Um “grande alívio” e uma “grande felicidade”. Foi assim, com duas expressões hiperbolizadas, que Tiago Pires nos contou como reagiu ao momento em que a ASP, organização que deu origem ao que hoje se conhece como World Surf League (WSL), lhe confirmou que já tinha pontos suficientes na prancha para, no ano seguinte, surfar no circuito mundial. Entre os melhores. Aconteceu em 2008 e por lá ficou durante sete anos, até 2014. Viveu de tudo um pouco — sentiu os nervos de ser um rookie, a euforia de eliminar o melhor surfista de sempre de uma prova, o desânimo de uma lesão o roubar ao mar e a tristeza de não se conseguir qualificar para o ano seguinte. Agora chegou a vez de confirmar o que já se esperava.
Aos 36 anos, “Saca” anunciou que vai abandonar o circuito mundial de surf.
Adivinhava-se quando, à caixa de e-mail, começaram a chegar convites para um evento especial. Era Tiago Pires, a convidar jornalistas, surfistas e amigos para um “uma celebração de carreira” esta sexta-feira, na Ericeira. Também dizia que ia “anunciar os projetos para 2016”. Bastava juntar as peças — o surfista, natural de Lisboa, fora pai há cerca de um ano e estava a arrancar a segunda temporada desde que saíra do circuito mundial de surf. Parecia que estava a chegar a altura de assentar (em 2015, ficou no 80.º lugar do QS, ranking de qualificação para o circuito mundial) e passar mais tempo em Portugal.

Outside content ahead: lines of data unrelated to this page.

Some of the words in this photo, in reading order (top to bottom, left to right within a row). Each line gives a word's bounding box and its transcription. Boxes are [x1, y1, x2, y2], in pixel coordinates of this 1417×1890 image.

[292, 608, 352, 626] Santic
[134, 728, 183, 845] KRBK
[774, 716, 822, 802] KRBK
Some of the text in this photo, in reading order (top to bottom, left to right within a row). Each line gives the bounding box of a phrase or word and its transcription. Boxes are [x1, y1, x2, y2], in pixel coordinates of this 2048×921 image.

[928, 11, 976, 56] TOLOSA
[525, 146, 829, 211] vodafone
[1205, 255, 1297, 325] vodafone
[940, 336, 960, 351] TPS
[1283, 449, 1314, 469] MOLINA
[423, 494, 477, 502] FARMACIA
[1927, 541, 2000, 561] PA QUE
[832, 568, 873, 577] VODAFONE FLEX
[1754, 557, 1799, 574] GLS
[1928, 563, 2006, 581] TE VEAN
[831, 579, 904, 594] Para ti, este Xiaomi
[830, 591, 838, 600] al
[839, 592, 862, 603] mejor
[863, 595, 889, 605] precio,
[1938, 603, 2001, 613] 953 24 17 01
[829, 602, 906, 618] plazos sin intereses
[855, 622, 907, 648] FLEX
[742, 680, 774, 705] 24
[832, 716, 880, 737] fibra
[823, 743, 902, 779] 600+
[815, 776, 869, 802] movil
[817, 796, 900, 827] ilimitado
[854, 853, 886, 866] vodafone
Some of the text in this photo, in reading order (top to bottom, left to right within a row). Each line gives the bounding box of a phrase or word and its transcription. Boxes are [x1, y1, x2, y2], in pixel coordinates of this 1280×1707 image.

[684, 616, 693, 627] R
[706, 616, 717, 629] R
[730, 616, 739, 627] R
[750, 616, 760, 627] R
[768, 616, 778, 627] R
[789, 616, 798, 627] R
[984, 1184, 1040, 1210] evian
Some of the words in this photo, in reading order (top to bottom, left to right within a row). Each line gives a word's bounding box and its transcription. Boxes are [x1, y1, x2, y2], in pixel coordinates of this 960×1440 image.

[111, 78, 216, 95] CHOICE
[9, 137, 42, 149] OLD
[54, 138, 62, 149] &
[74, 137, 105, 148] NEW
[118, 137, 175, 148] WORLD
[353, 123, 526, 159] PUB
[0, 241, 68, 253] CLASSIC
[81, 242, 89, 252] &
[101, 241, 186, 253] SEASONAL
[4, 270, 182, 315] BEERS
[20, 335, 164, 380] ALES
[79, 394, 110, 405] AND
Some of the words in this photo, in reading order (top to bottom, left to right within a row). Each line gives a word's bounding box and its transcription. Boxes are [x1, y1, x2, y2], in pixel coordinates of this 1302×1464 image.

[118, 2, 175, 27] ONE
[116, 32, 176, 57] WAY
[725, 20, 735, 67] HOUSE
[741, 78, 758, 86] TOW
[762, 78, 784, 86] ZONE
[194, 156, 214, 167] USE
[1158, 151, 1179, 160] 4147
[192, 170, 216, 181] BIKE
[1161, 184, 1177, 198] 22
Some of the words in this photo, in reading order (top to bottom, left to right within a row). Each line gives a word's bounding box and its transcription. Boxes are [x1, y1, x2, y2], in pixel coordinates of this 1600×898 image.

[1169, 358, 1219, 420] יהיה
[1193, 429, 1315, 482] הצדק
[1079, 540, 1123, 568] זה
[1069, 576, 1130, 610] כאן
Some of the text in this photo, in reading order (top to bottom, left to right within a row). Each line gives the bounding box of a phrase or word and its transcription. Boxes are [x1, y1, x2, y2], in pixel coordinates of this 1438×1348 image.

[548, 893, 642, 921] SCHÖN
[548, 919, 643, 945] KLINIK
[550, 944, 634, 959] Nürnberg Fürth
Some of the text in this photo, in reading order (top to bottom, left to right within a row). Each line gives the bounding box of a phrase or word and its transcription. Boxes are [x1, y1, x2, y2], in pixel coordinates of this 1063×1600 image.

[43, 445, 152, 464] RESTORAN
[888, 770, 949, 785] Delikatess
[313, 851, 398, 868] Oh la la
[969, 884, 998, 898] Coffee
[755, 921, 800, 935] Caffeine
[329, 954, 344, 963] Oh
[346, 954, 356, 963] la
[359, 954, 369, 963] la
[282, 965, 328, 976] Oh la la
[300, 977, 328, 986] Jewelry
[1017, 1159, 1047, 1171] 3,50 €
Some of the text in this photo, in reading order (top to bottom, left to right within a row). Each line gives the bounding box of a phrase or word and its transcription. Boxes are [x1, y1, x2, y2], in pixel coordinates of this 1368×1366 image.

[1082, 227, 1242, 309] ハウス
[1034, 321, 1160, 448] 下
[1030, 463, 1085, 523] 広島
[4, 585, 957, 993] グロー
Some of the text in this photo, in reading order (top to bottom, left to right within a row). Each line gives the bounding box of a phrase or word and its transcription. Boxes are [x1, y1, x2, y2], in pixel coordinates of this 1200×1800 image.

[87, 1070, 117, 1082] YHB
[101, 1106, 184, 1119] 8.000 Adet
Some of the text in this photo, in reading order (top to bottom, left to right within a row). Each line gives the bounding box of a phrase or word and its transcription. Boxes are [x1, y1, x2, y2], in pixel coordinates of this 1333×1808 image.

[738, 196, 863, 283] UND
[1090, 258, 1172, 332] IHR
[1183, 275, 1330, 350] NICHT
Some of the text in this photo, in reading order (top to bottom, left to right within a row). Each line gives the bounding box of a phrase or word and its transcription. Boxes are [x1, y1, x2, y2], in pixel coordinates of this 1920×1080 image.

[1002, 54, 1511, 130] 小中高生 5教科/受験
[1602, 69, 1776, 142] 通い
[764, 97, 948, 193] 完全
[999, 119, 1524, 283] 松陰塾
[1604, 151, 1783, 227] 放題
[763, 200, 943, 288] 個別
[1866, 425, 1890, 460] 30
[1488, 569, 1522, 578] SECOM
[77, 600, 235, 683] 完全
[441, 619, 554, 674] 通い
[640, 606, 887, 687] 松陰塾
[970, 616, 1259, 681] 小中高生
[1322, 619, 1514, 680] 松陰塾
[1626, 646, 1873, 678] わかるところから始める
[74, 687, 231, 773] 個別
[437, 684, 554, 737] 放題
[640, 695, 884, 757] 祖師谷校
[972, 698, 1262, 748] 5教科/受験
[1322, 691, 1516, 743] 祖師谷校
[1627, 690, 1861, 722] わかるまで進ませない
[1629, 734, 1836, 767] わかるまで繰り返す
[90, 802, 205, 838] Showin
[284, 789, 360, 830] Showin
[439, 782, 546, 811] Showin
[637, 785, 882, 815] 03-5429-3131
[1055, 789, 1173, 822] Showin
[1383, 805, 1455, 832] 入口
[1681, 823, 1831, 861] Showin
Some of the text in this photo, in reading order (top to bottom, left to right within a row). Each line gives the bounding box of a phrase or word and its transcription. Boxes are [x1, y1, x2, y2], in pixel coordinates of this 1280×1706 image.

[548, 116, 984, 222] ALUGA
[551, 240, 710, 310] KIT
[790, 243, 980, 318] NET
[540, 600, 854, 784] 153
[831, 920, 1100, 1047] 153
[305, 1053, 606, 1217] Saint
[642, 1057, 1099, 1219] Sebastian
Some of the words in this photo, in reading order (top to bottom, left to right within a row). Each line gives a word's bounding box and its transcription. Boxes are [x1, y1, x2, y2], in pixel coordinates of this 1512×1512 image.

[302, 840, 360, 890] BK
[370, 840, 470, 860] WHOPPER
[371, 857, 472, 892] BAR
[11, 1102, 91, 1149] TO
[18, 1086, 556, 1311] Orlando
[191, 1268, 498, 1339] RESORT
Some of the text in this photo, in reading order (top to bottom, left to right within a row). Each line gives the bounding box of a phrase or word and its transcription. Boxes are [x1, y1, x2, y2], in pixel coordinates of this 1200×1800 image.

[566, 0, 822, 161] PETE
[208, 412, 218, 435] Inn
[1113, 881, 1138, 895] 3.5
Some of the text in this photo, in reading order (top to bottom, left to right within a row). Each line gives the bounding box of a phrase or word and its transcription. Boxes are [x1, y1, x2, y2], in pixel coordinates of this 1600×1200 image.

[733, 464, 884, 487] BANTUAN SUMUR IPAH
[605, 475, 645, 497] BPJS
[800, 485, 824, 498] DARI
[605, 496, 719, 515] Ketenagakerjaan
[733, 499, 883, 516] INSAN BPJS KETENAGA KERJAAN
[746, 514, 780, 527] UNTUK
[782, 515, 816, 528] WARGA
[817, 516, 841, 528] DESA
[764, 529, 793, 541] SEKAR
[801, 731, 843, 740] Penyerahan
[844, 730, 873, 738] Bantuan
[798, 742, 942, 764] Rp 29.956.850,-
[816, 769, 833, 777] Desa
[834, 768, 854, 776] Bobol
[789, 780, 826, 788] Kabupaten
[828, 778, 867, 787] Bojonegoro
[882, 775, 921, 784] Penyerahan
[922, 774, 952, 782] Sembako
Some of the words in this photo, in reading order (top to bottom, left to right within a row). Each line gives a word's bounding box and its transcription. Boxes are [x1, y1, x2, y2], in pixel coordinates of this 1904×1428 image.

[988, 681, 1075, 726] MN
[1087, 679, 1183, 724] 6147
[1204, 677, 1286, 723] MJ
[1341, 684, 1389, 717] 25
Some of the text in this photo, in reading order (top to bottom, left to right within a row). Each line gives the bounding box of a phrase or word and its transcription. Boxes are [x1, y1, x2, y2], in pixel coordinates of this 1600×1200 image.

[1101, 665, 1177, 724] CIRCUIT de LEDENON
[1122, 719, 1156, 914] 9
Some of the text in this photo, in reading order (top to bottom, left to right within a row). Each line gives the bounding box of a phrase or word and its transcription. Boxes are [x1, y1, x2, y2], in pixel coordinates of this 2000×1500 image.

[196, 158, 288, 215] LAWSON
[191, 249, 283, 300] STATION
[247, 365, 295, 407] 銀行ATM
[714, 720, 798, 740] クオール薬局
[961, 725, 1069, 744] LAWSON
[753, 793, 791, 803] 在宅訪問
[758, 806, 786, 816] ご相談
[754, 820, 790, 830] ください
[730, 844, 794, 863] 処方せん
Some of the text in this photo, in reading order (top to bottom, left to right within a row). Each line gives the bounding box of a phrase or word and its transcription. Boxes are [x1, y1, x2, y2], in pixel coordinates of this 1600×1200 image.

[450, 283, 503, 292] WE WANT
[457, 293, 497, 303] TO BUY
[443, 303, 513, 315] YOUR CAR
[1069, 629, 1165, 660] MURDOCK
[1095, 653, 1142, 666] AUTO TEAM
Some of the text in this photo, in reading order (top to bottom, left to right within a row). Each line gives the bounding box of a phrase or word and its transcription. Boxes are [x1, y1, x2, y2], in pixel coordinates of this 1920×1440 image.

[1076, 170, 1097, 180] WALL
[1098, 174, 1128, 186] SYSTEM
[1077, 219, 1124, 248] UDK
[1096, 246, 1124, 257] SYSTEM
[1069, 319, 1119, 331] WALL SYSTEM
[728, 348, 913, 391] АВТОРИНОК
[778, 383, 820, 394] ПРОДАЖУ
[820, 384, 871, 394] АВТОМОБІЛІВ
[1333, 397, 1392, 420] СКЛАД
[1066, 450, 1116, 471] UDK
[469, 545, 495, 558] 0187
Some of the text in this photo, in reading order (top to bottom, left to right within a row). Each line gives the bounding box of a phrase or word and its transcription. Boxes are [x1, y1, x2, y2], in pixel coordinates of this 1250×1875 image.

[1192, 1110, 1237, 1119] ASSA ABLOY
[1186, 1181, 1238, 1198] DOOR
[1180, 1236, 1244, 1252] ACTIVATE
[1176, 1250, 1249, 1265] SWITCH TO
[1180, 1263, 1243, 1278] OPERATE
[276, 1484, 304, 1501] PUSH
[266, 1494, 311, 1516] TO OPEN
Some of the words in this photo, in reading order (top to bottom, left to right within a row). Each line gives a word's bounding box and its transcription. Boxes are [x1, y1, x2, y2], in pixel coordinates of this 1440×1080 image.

“Não deixei de saber surfar de um momento para o outro. Acontece é que tens momentos de forma e desde que saí do WCT e que soube que ia ter um filho, sentindo ali que a minha vida ia dar uma guinada para outras prioridades, que deixei-me acomodar e acabei por negligenciar um bocado a gestão da minha forma. Fazer o WQS no ano passado não representou o mesmo desafio dos últimos 15 anos. Acabou por funcionar como uma espécie de desmame, onde fui tentando perceber o que uma eventual retirada me traria em termos emocionais, se ia mesmo sentir falta daquilo. Cheguei à conclusão que já não queria andar ali. Deixou de fazer sentido”.
O até hoje o único português que foi capaz de se qualificar para o campeonato que junta os 36 melhores surfistas do mundo pensou o mesmo. Depois de “oito anos a ficar à porta”, como descreveu ao Observador, que o entrevistou o ano passado, dos sete anos que passou lá dentro e do último ano (2015) em que ainda participou em provas de qualificação, Tiago Pires confirmou que deixará de participar em provas internacionais.
“A principal causa de me retirar está relacionada com o nascimento do meu filho, que fez com que pesasse bastante na decisão. É claro que o mar continuará a fazer parte dos meus planos, sou como um peixe e adoro estar lá dentro. A diferença é que deixarei de competir na WCT”.
Obrigado a todos pelas mensagens! O inchaço já começou a diminuir e em breve já estarei operacional e de volta à água!...
Posted by Tiago Pires on Monday, 22 February 2016
O que servirá, também, para evitar azares. Como o que sofreu na passada semana, a surfar na Cave, onda da Ericeira que o fez cair e embater com no fundo de rocha. “Um grande susto que, felizmente, não passou disso mesmo. Uma horas no hospital, um traumatismo no ombro, outro na cabeça. Vou estar fora da água umas semanas mas estou cá para contar a história!”, escreveu, no Facebook, após o acidente.
Já não tenho vontade de fazer um circuito, de ter um ranking, de precisar de pontos… Essa vida para mim já não faz sentido. O que quero dizer é que vou deixar de competir por profissão e passar a competir por prazer, quando assim o entender. Há alguma melancolia, não nego, mas também excitação e alegria para saber o que me reserva o futuro. Só sei que a minha vida vai passar muito mais por Portugal e por projetos pontuais que possa fazer pelo Mundo.”
Foi Tiago Pires quem abriu o caminho do surf mundial aos portugueses. É por ele que hoje o país tem Vasco Ribeiro, Frederico Morais ou Nicolau Von Rupp a competirem no duro para darem a Portugal outro surfista no circuito. “Chegou a altura de eles fazerem o seu trabalho e de me sucederem. Já fiz o meu papel”, concluiu. Obrigado, Saca.